SOVIET CLOSED CITY OF MIRAKOVO
19 FEBRUARY 1983
Shaking with horror at the obscenity he’d created, Comrade Professor K gulped down
the tumbler of vodka he’d just poured.
They called it a weapon to end all weapons. A weapon to end all war. But it was a
weapon of such horrific, calamitous, evil power it made nuclear bombs look like children’s
playthings. And now it was hours away from being shipped to Cuba.

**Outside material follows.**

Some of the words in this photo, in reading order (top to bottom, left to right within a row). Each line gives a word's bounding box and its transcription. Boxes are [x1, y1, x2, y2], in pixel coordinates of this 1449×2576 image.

On his cluttered desk, in a polished cherrywood presentation casket lined with red
velvet, lay a gold-plated Makarov pistol. A personal gift from Comrade General Secretary
Andropov. It was engraved, in typical Communist Party rhetoric,
For scientific services to the Union of Soviet Socialist Republics.

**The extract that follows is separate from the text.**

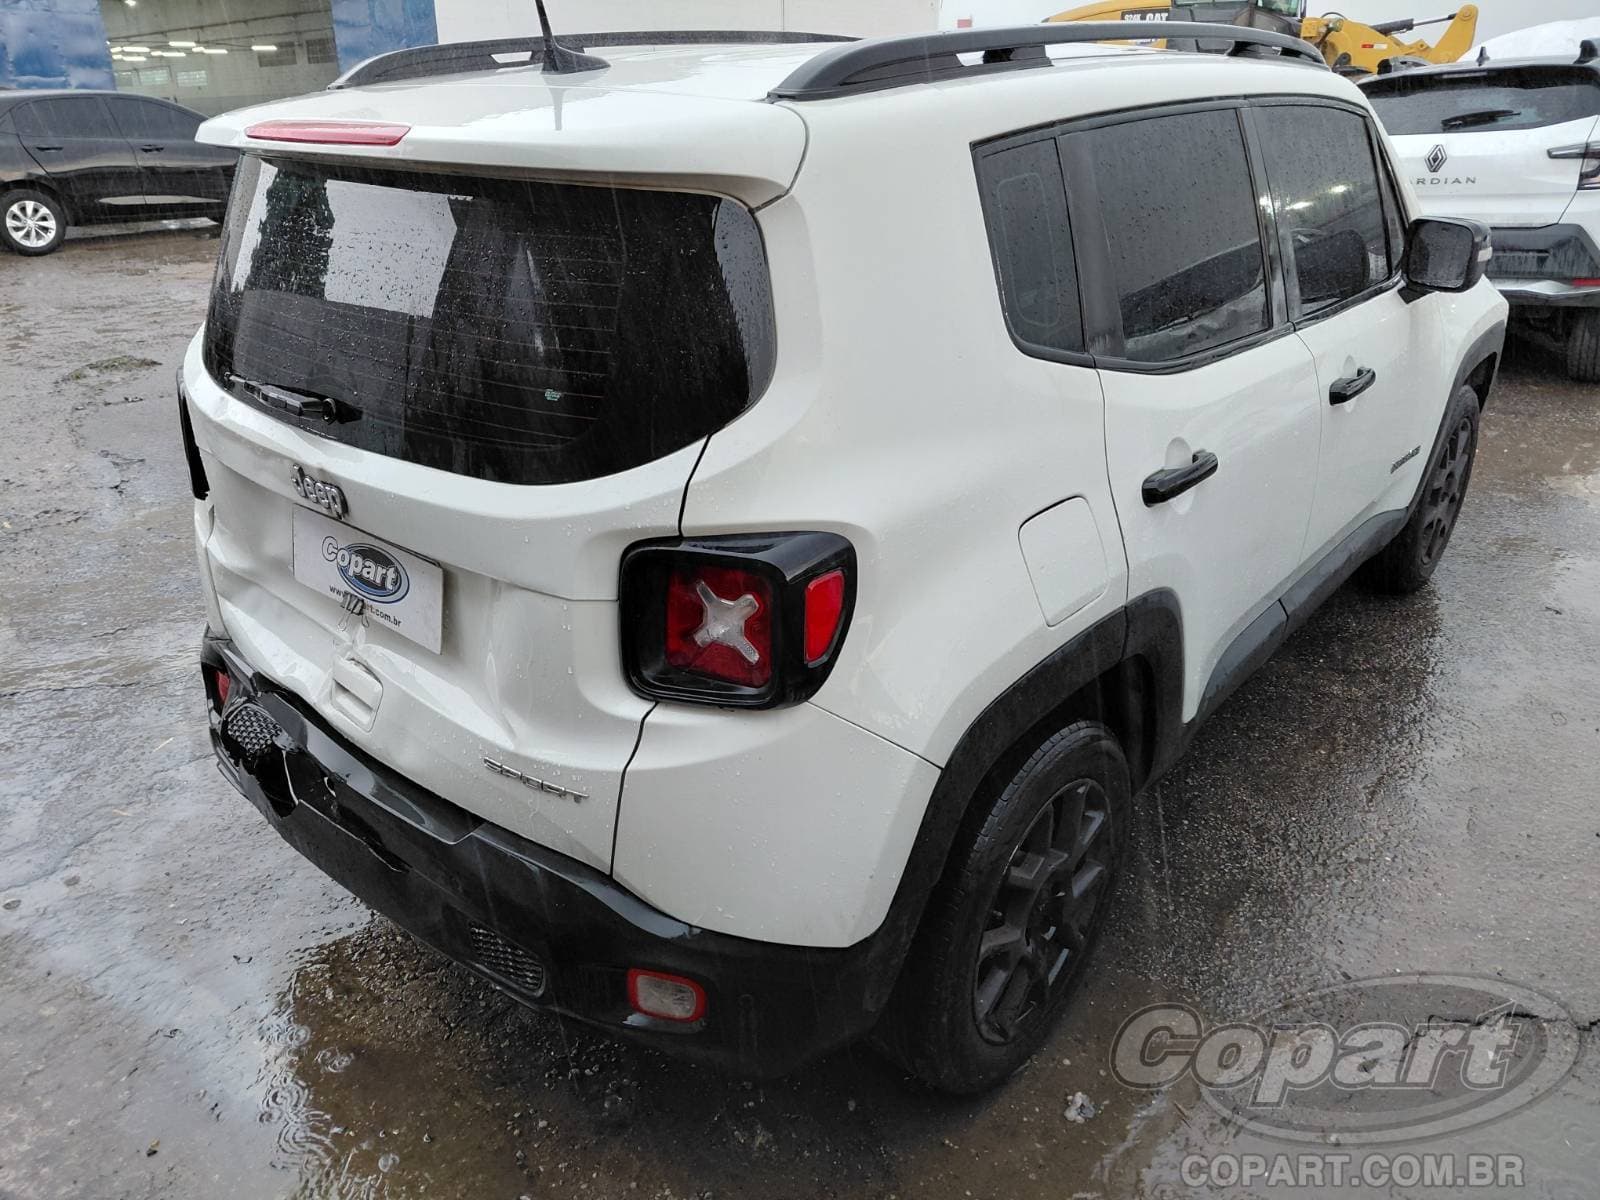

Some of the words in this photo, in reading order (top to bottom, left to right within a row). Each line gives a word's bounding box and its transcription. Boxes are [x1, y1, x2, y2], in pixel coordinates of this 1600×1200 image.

[1145, 12, 1168, 23] CAT
[291, 463, 348, 520] Jeep
[322, 536, 399, 592] Copart

‘A world without war is a world without fear.’
No more wars. Ever. That had been the dream for every Soviet citizen after the end of
the Great Patriotic War. Twenty-seven million dead. Countless others wounded. Who
wouldn’t want a world without fear?
But in Comrade Professor K’s humble opinion, a world with this, this thing in it was a
world that would one day be ruled by fear.
It was his job to prepare the device for shipment and its final destination aboard a
submarine.
Russian men had never been afraid to weep. He wept now.

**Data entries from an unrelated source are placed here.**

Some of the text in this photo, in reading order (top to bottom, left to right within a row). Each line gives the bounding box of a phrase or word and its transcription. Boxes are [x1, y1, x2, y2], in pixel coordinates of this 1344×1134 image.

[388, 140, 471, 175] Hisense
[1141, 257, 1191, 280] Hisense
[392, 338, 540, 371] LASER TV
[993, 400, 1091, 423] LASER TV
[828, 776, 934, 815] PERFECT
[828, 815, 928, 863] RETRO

He poured another tumblerful of vodka and downed it, so drunk now that he didn’t feel
the rough spirit burning his throat anymore.
Fresh tears coursed down his unshaven cheeks. What had he done?
They called it Mirotvorets. Peacemaker. Such irony. Unusual for the Kremlin. Ha!
Such jokers they were back in Red Square.
They should have called it Koshmar.
For Professor K had created a nightmare.
Not just for the Americans, though he could imagine all too easily the well-fed faces of
the actor president and his advisers paling as they realised what they were up against.
No. Not just for them. Professor K had birthed a nightmare for the whole of humanity.
General Secretary Andropov himself had appeared in the facility the previous morning.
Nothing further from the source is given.